Eric Glyman: That’s right. For all of us working, time is money. Instead of doing expenses, we could be selling the next client, working on the next great product, or doing strategic work. We automate that low-value work. While the financial savings are meaningful, it’s really about giving people their time back.

From small businesses to global enterprises

Maurice Obeid: Who are your core customers today, and how has that evolved since you started?

Eric Glyman: We launched about five years ago, and our earliest customers were small and midsize businesses—restaurants, farms, companies with 25 to 200 employees.

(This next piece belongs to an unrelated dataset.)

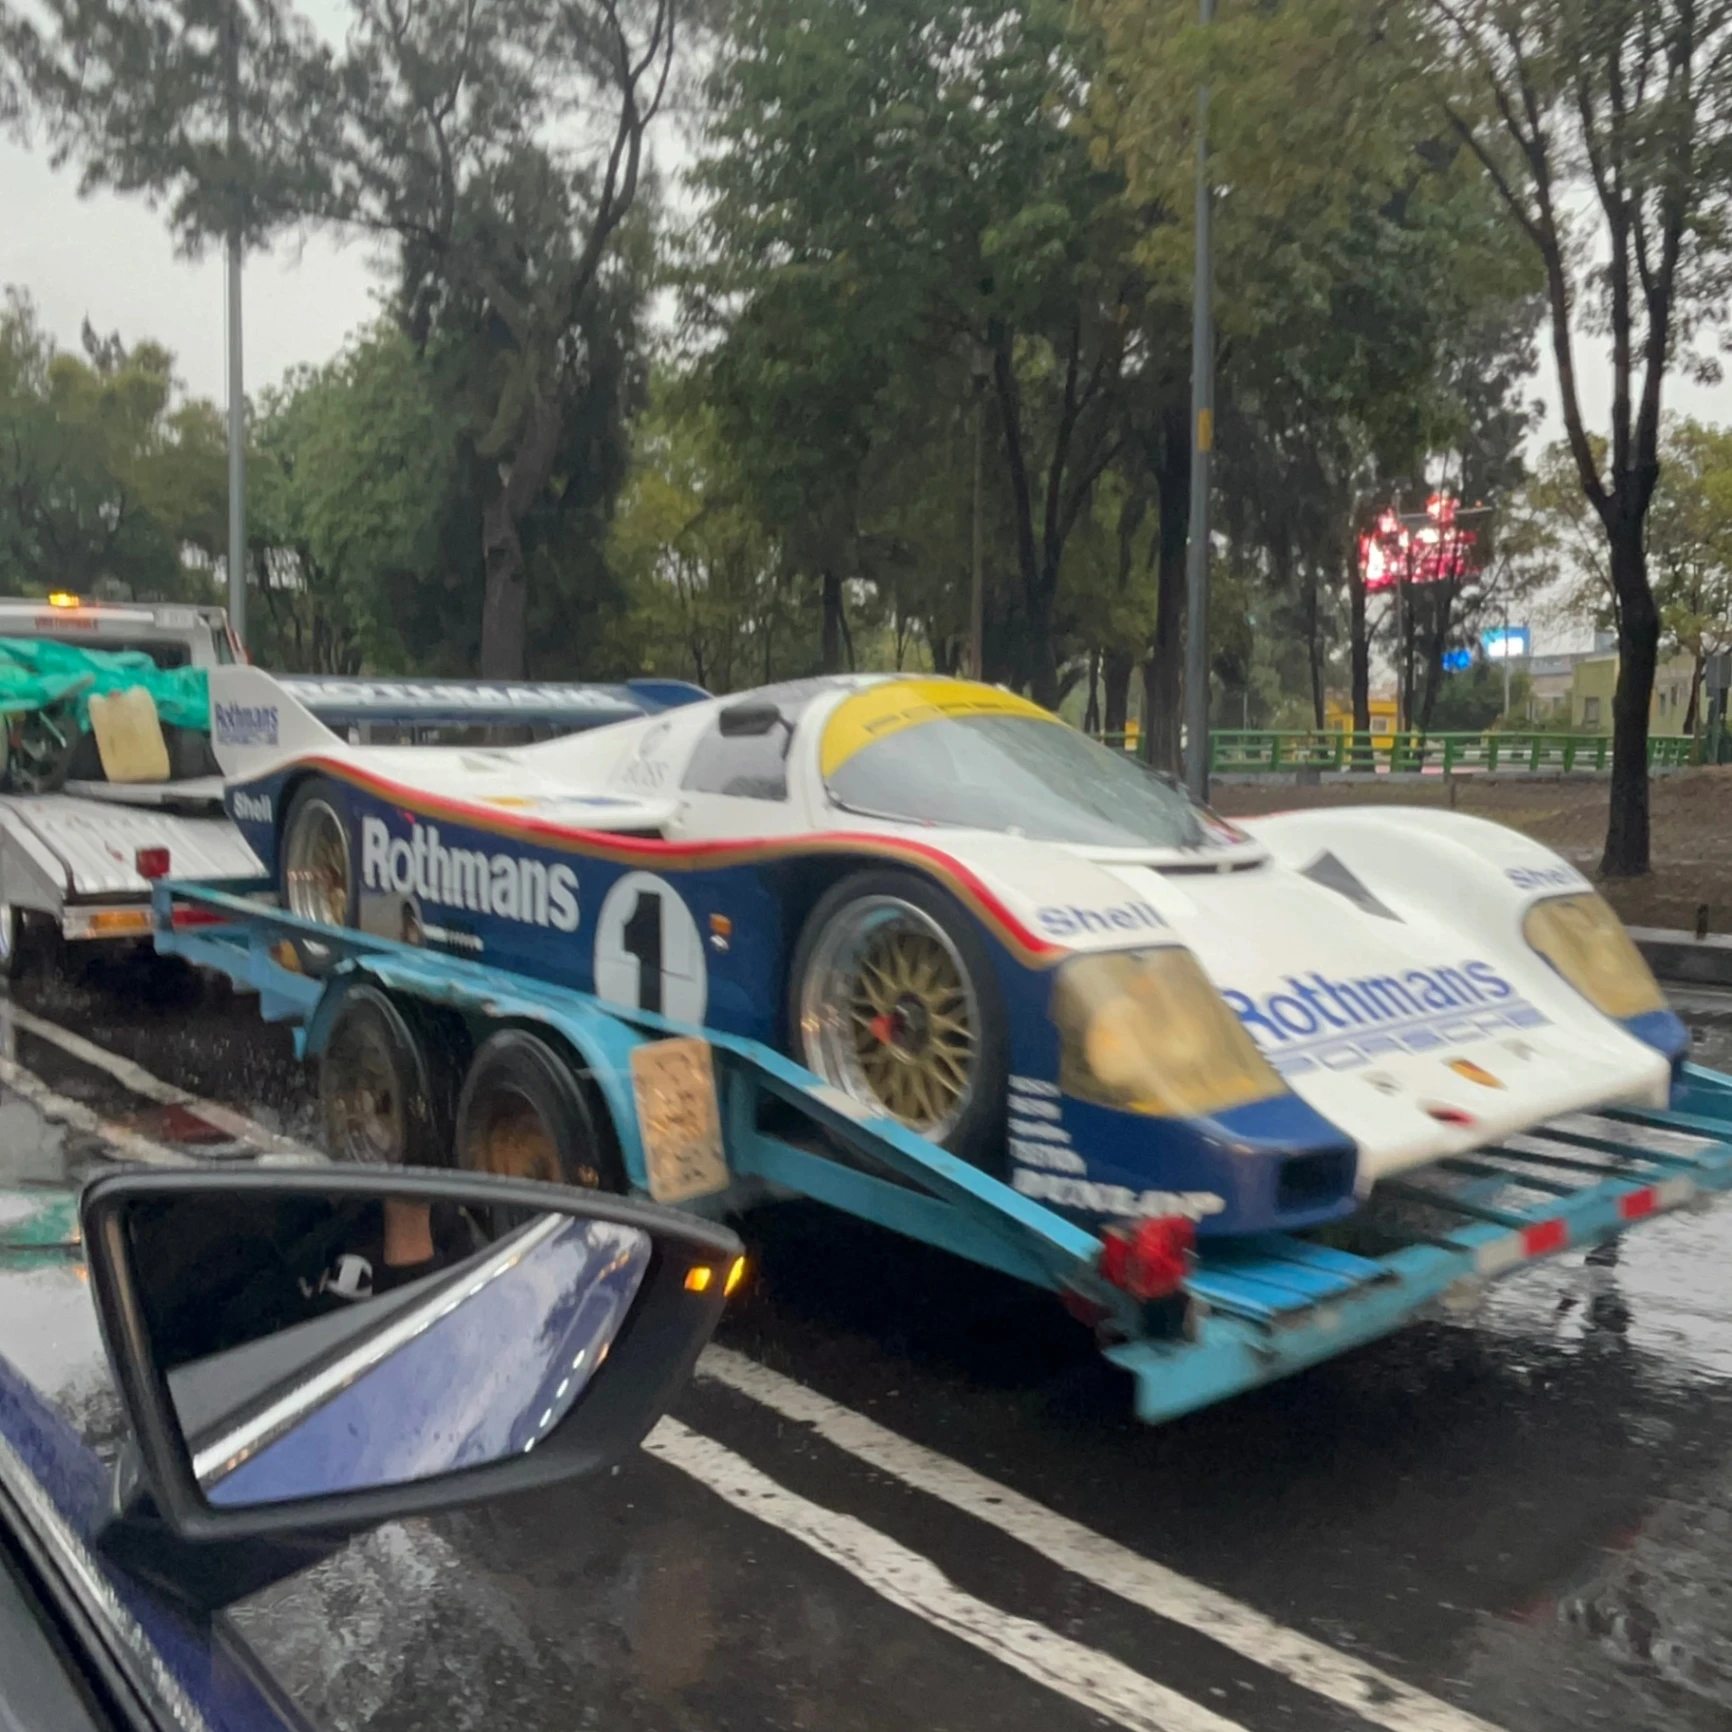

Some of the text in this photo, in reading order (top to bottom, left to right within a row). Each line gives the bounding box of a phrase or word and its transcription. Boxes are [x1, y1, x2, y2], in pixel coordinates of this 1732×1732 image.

In terms of customer count, many of our users are still in that segment.

But when you look at revenue and transaction volume, a large share now comes from companies with more than 1,000 employees, including global organizations with more than 100,000 employees. These companies have long accepted expense management as painful, and they’re increasingly realizing it doesn’t have to be.

Maurice Obeid: What are the main barriers to adoption, especially for large enterprises?

Eric Glyman: Some of it is psychological. For decades, people have assumed expenses are painful but inevitable. They’ve learned the tools, built processes around them, and assume that’s just how it works.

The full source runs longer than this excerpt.